24.4133 · Mozione · 2024-09-26
Dipartimento dell'ambiente, dei trasporti, dell'energia e delle comunicazioni
La dichiarazione sull’intervento è disponibile
Wortlaut
Il Consiglio federale è incaricato di procedere a una revisione della legge sulla protezione dell’ambiente (LPAmb) in modo tale che, nel caso di siti inquinati con sostanze problematiche, i produttori e gli importatori siano chiamati a partecipare in misura maggiore ai costi di riparazione dei danni.
Begründung
Sulla base dell’articolo 74 della Costituzione federale, l’articolo 2 LPAmb disciplina il principio di causalità come segue: «Le spese delle misure prese secondo la presente legge sono sostenute da chi ne è la causa». Affinché tale principio sia applicabile, è necessario, in caso di inquinamento con sostanze problematiche, conoscere i responsabili e i motivi alla base della stessa.

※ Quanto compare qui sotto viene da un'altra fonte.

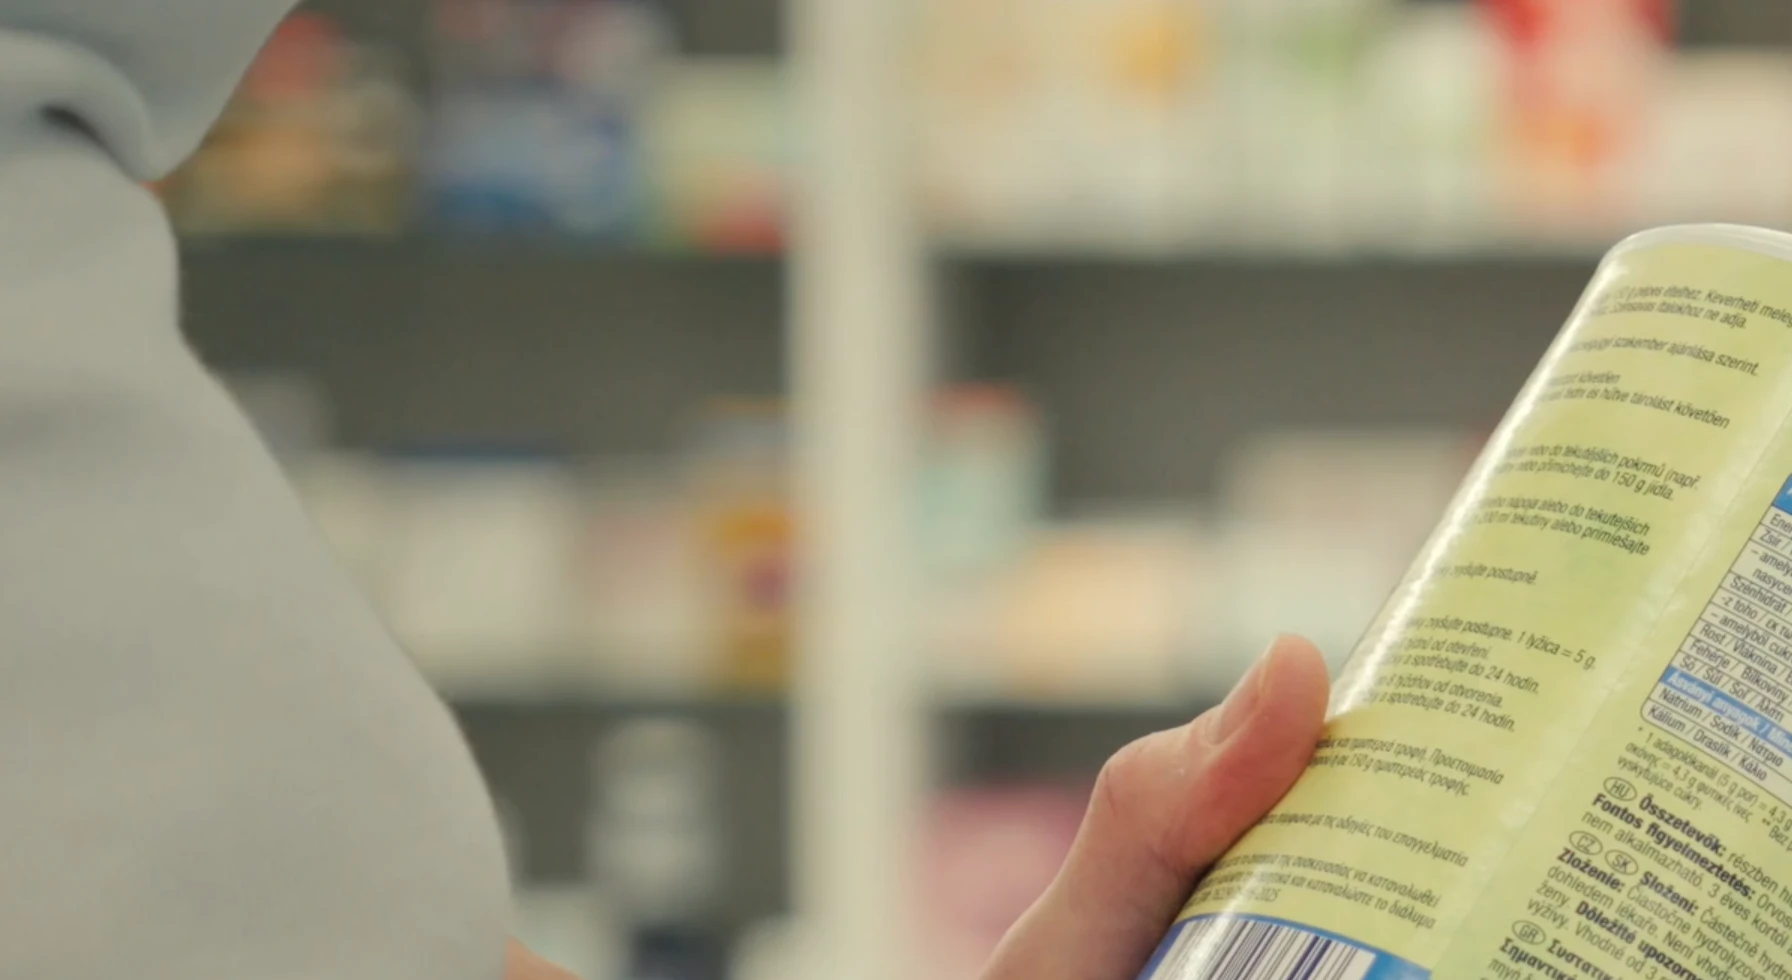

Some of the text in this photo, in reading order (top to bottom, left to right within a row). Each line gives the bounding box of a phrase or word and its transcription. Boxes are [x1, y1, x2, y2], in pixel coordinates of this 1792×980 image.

In uno studio pubblicato di recente, il Controllo federale delle finanze (CDF) è giunto alla conclusione che il principio di causalità, nel senso stretto del termine, è applicato in misura insufficiente. A seconda della situazione, è possibile che siano i proprietari attuali o la collettività a dover rimediare a danni di cui non sono la causa. In caso di danni legati alla salute umana, per esempio, i costi sono a carico degli assicuratori.
Antrag des Bundesrates
Respingere
Stellungnahme des Bundesrates
Il principio di causalità è sancito dall’articolo 74 della Costituzione federale (RS 101) e stabilisce che i costi delle misure ambientali sono a carico di chi ha causato danni all’ambiente. Il legislatore ha ulteriormente precisato tale disposizione nei vari ambiti giuridici, in particolare per i casi in cui non è chiaro come applicare il principio se non è noto chi abbia causato il danno. Infatti, sono molti gli ambiti del diritto ambientale in cui il principio di causalità viene concretizzato ed eseguito con successo. Nell’ambito del risanamento dei siti contaminati, tale principio è stato disciplinato dal legislatore in modo differenziato e ulteriormente sviluppato in sentenze dei tribunali federali emesse nel corso di tanti anni. In adempimento della raccomandazione 5 dello studio del CDF del 14 maggio 2024 citato nella mozione, l’Ufficio federale dell’ambiente, con il coinvolgimento di un perito esterno, condurrà un’analisi approfondita delle norme esistenti sul principio di causalità e analizzerà insieme alle unità amministrative interessate (UFSP, UFAG, USAV, SECO) se occorrono eventuali adeguamenti legislativi. La questione posta nella mozione è quindi già stata inclusa nell’analisi in corso in un contesto più ampio e fa parte del rapporto del CDF.
Il Consiglio federale propone di respingere la mozione.